KADANT INC. NOTICE OF AMENDMENT TO PERFORMANCE-BASED RESTRICTED STOCK UNIT AWARD AGREEMENTS

EX-10.1 6 kaiform10q3q2013exhibit101.htm KAI FORM 10-Q 3Q 2013 EXHIBIT 10.1
Exhibit 10.1

KADANT INC.
NOTICE OF AMENDMENT TO
PERFORMANCE-BASED RESTRICTED STOCK UNIT AWARD AGREEMENTS

1.            This amendment is effective as of September 18, 2013 with respect to the Performance-Based Restricted Stock Unit Award Agreements granted to the Recipient named below on the dates specified (the "Agreements") and has been authorized and approved by the Compensation Committee of the Board of Directors of Kadant Inc. (the "Company").

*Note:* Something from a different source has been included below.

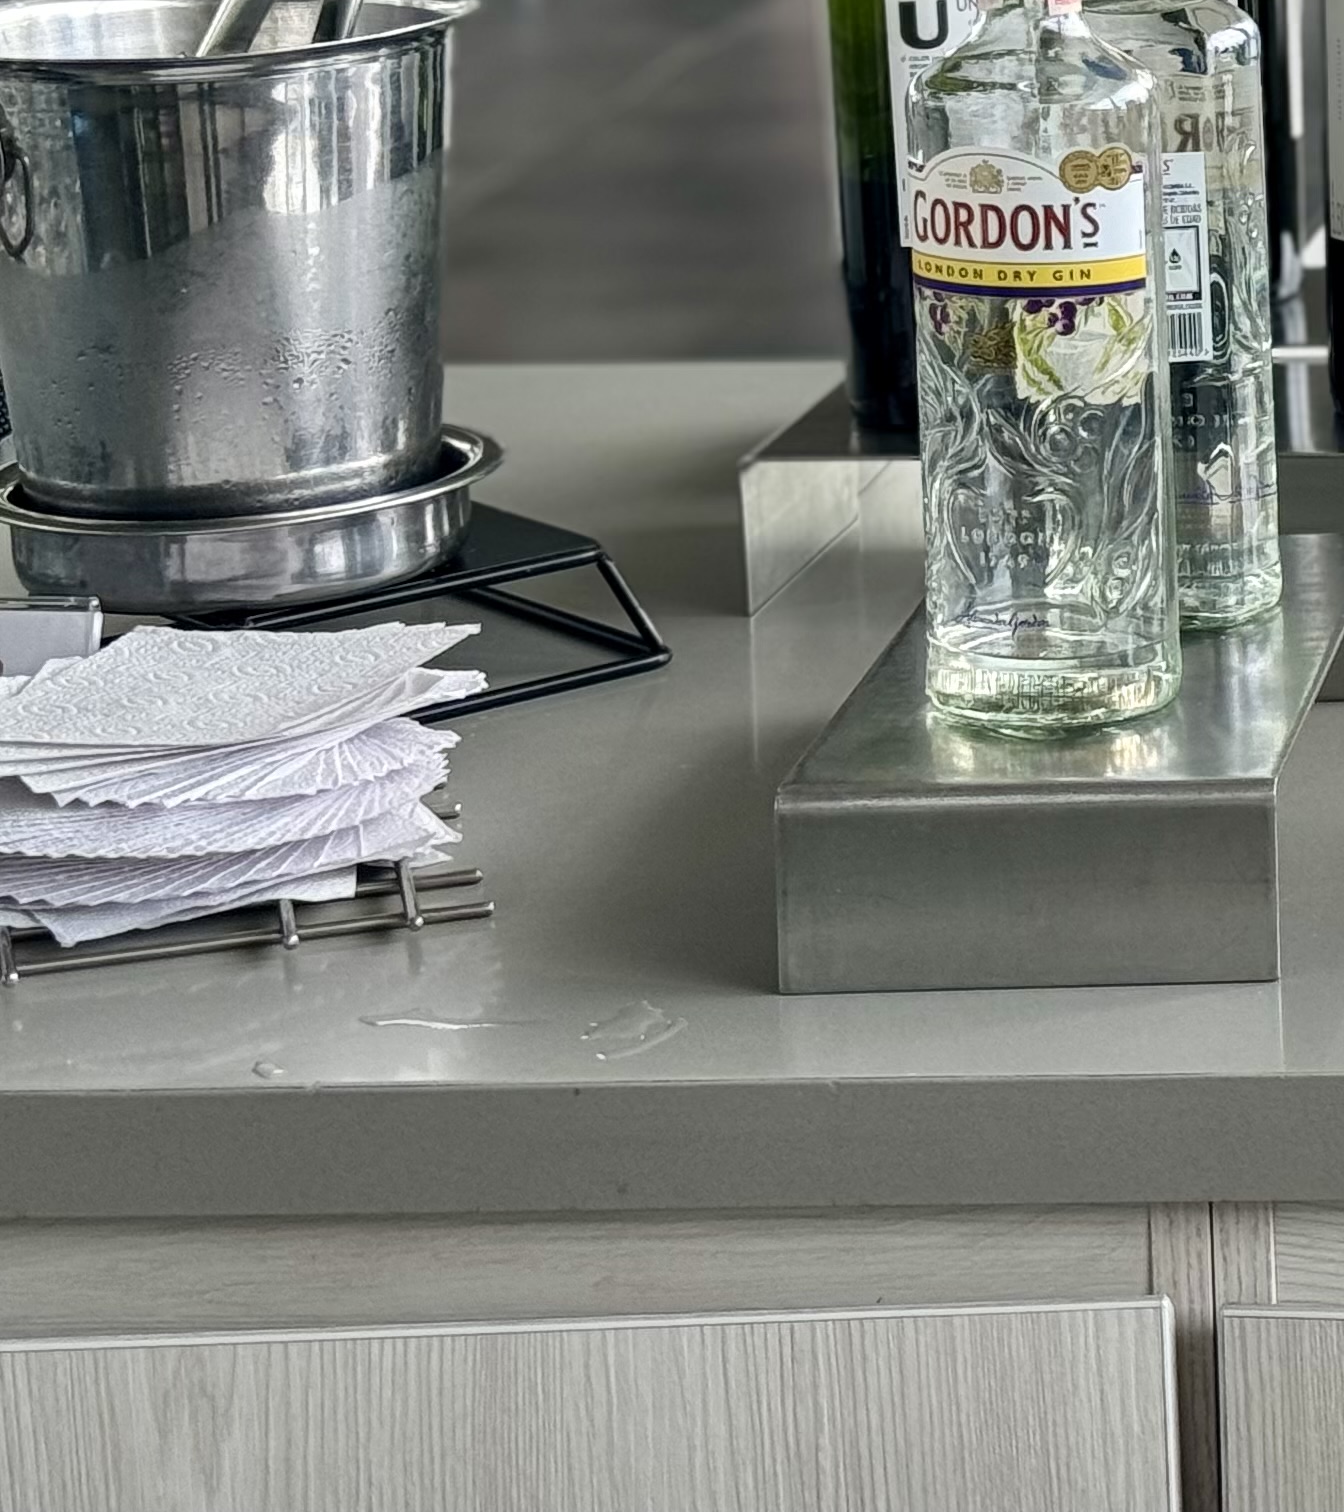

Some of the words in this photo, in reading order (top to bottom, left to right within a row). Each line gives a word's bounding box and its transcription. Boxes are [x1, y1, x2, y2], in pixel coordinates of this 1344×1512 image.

Recipient: ________________________________

RSU Award Agreement dated:                                                                                    March 6, 2013

RSU Award Agreement dated:                                                                                    March 7, 2012

RSU Award Agreement dated:                                                                                    March 9, 2011

2.            Section 4(b) is hereby deleted and replaced in its entirety with the following:

"(b) Termination of Employment; Death and Disability. In the event that the Recipient ceases to be employed by the Company prior to a Vesting Date for any reason or for no reason (other than upon a "Change in Control" as provided in Section 4(c) or upon death or disability meeting the requirements set forth in this Section 4(b)), with or without cause, then any of the Recipient's RSUs that have not previously vested shall be automatically and immediately forfeited and returned to the Company as of the date employment ceases. In the event of the Recipient's death or disability that occurs prior to a Vesting Date and before the last day of the Measurement Period, then 100% of the Recipient's RSUs that have not previously been forfeited or vested shall become immediately vested and no longer subject to the Forfeiture provisions in this Section 4, and the Company shall immediately deliver to the Recipient (or his or her beneficiary in the event of death), as soon as administratively feasible but no later than 30 days after the vesting thereof that number of Award Shares to the Recipient equal to the number shown on the first page of this Award Agreement without adjustment. In the event of the Recipient's death or disability that occurs prior to a Vesting Date and on or after the last day of the Measurement Period, then 100% of the Recipient's RSUs that have not previously been forfeited or vested shall become immediately vested and no longer subject to the Forfeiture provisions in this Section 4, and the Company shall immediately deliver to the Recipient (or his or her beneficiary in the event of death), as soon as administratively feasible but no later than 30 days after the vesting thereof that number of Award Shares to the Recipient equal to the number of Award Shares deliverable based on the achievement of the performance measures, as adjusted and determined in Section 3 (less any Award Shares that have been previously forfeited or vested and issued). For purposes of this Award Agreement, "disability" means that you are receiving disability benefits under the Company's Long Term Disability Coverage, as then in effect, on the date employment ceases.

3.            By your signature below, you acknowledge receipt of this Notice of Amendment to the Agreements and agree that this Amendment is attached and made a part of the Agreements, effective as of the 18th day of September, 2013.